I’d already had a Hobby stirring up the hirundines and a Whimbrel heading high to the south. The target however was small passerines. A few Whitethroats and a Lesser Whitethroat had set the scene and Andy and I watched a couple of Blackcaps rumble through an elderberry as we stood chatting. We were just about to move on when the elongated form of a pale warbler perched up in front of us; an Icterine Warbler! It showed a little and then it too moved on. The hill here in Northrepps is good at turning things up … but they don’t stick. It’s nearly always a case of find it or miss it.

Revelling in our good fortune we both eventually returned to our timetable.

I checked a few other likely places and turned up Chiffchaffs and the like but as the day cleared it was obvious things had in the main resumed their migration.

Back at Falcon Cottage a tame Southern Hawker demanded a macro lens to show her off in all her glory.

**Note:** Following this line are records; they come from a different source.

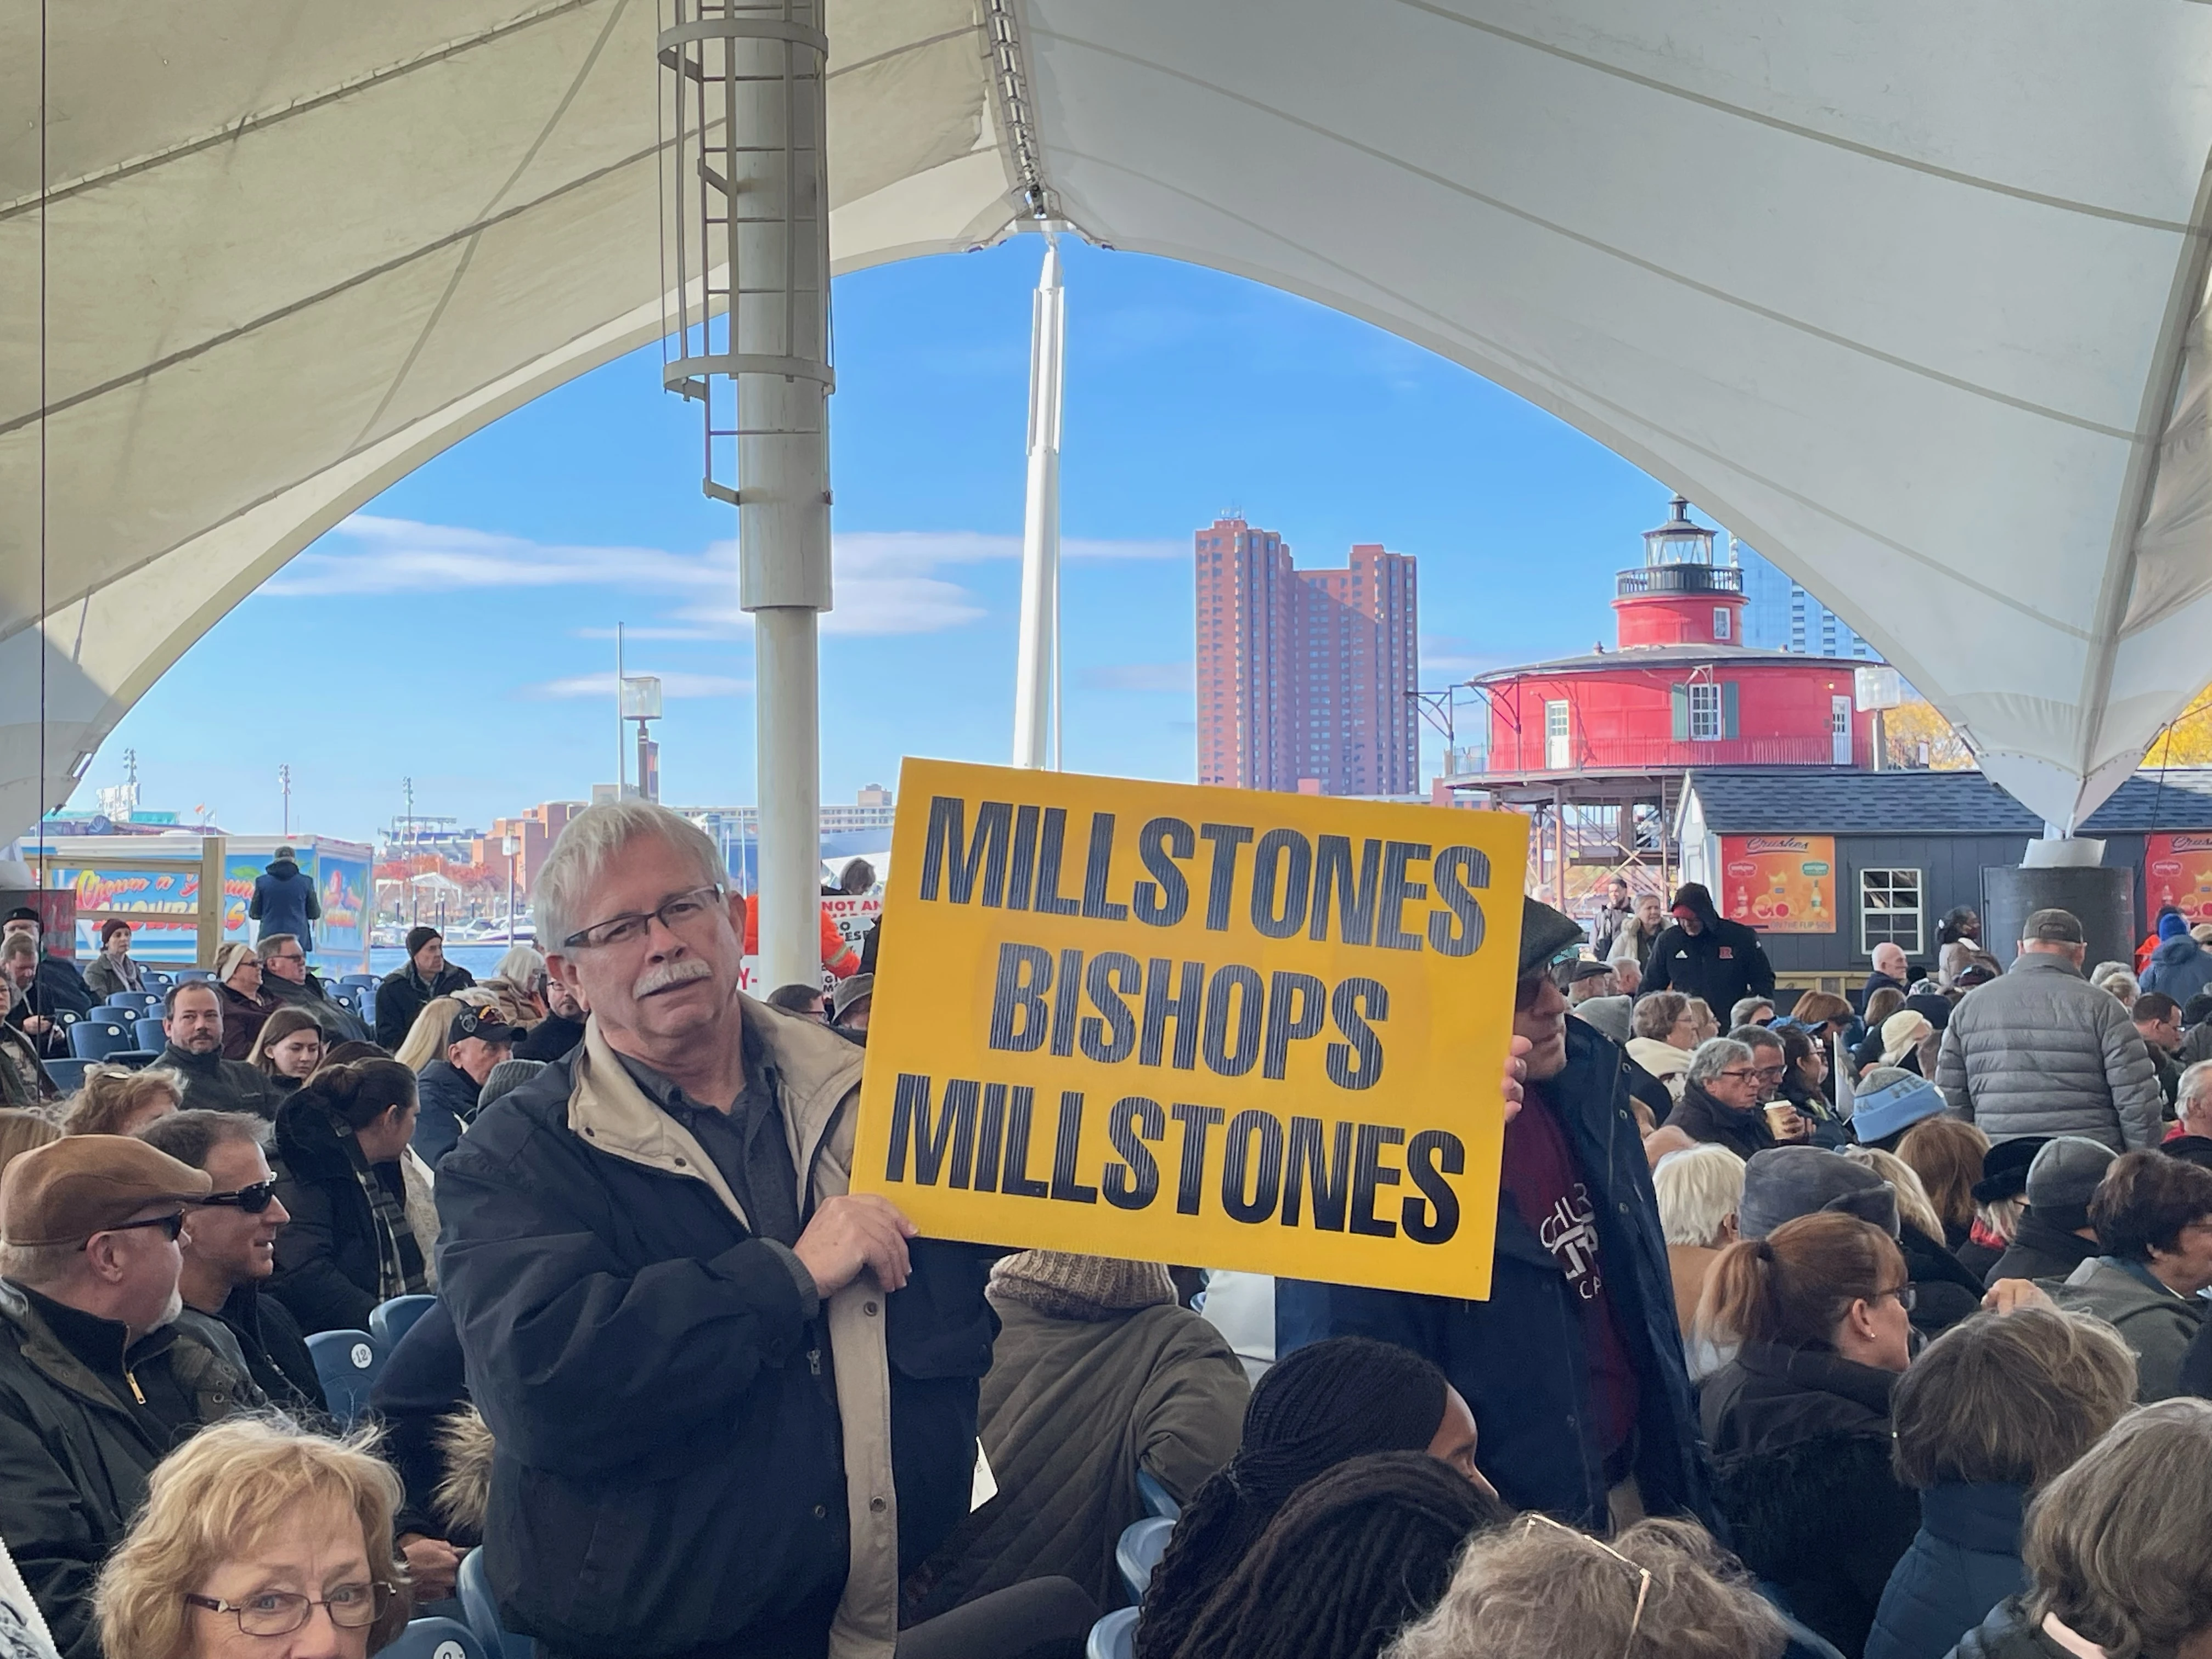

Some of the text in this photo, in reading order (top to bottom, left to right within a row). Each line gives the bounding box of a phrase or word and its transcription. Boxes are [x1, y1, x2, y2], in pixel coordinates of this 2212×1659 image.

[821, 901, 855, 911] NOT
[920, 795, 1491, 957] MILLSTONES
[990, 942, 1389, 1091] BISHOPS
[885, 1073, 1465, 1245] MILLSTONES
[356, 1348, 368, 1363] 12

As I lay recumbent on the lawn I heard a scalding squeak behind me, A Greenish Warbler landed among the wild flowers called again and headed off west; the second good bird of the day but far too brief. Despite looking in all the likely places down in the village I couldn’t relocate it.

A flock … well, three … Pied Flycatchers and a dark Chiffchaff, I couldn’t metamorphose into anything else, were consolatory.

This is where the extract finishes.